If a record contains a picture, drop the picture and copy everything else exactly.
····················
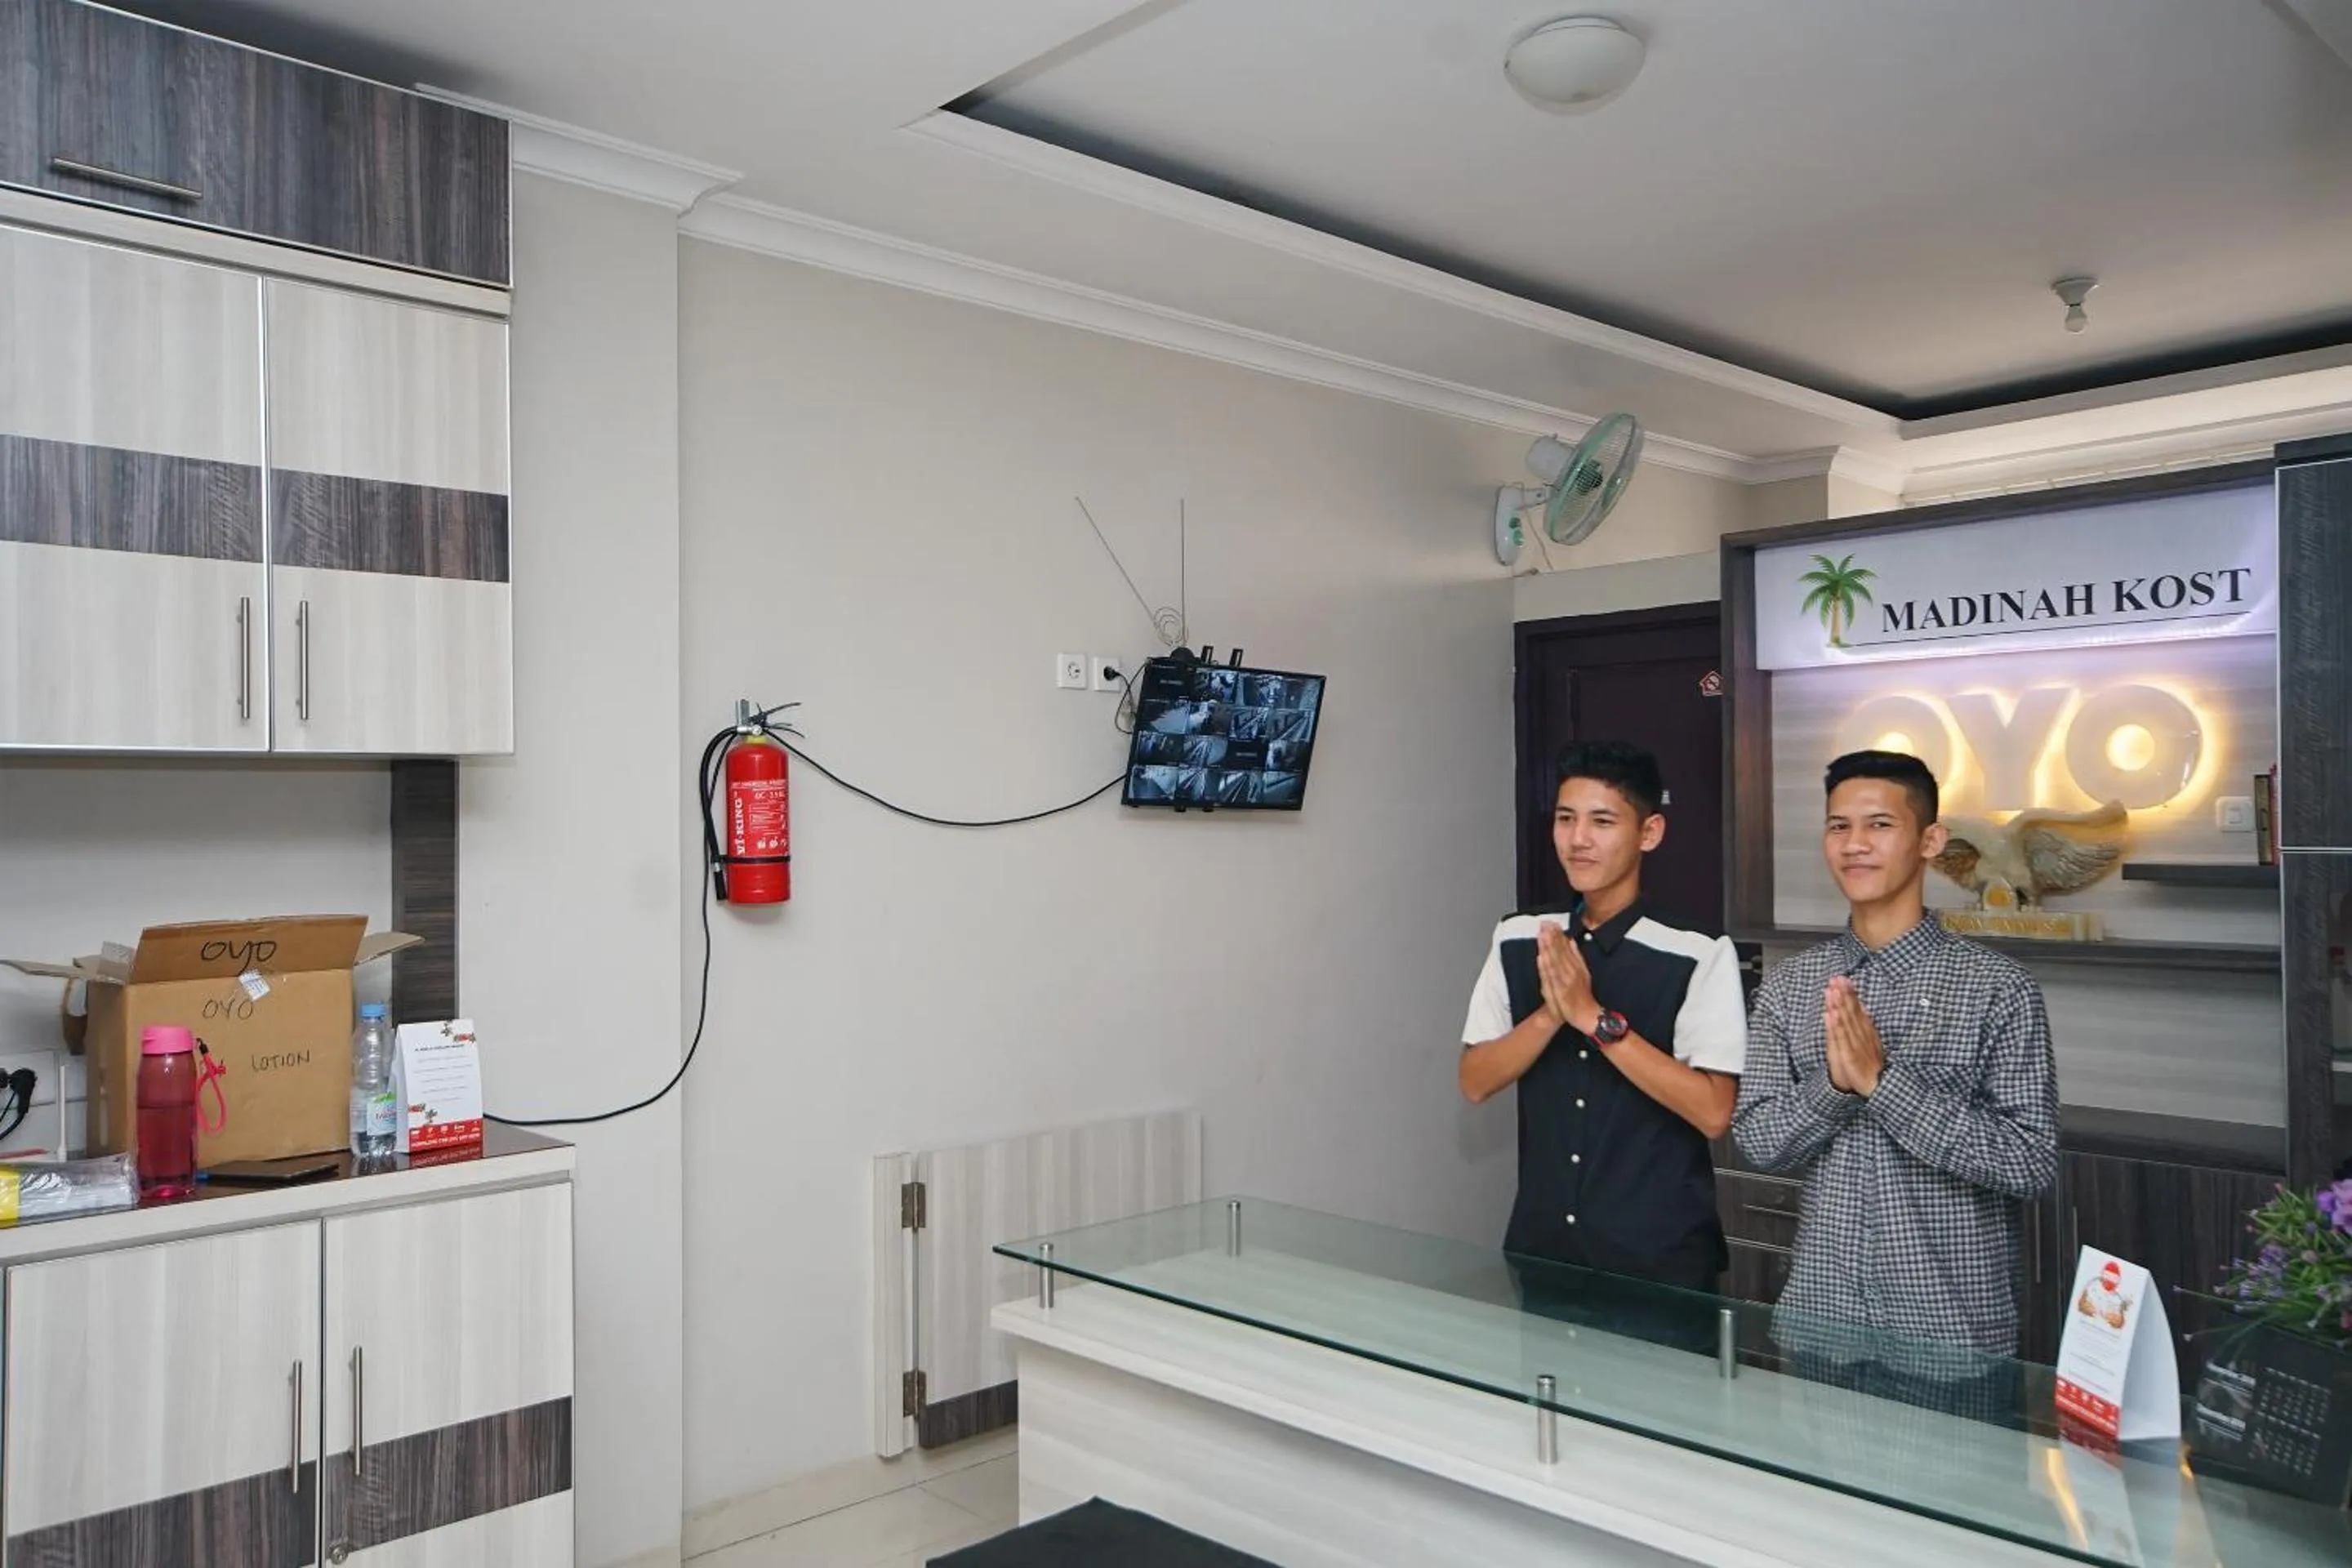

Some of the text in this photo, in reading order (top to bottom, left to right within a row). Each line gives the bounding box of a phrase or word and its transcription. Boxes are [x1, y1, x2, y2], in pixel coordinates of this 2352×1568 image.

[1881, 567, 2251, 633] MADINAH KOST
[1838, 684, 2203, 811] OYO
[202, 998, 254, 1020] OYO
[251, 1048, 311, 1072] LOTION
····················
Answer to the problem:
Some of the text in this photo, in reading order (top to bottom, left to right within a row). Each line gives the bounding box of a phrase or word and its transcription. Boxes are [x1, y1, x2, y2], in pixel coordinates of this 2352×1568 image.

[1881, 567, 2251, 633] MADINAH KOST
[1838, 684, 2203, 811] OYO
[202, 998, 254, 1020] OYO
[251, 1048, 311, 1072] LOTION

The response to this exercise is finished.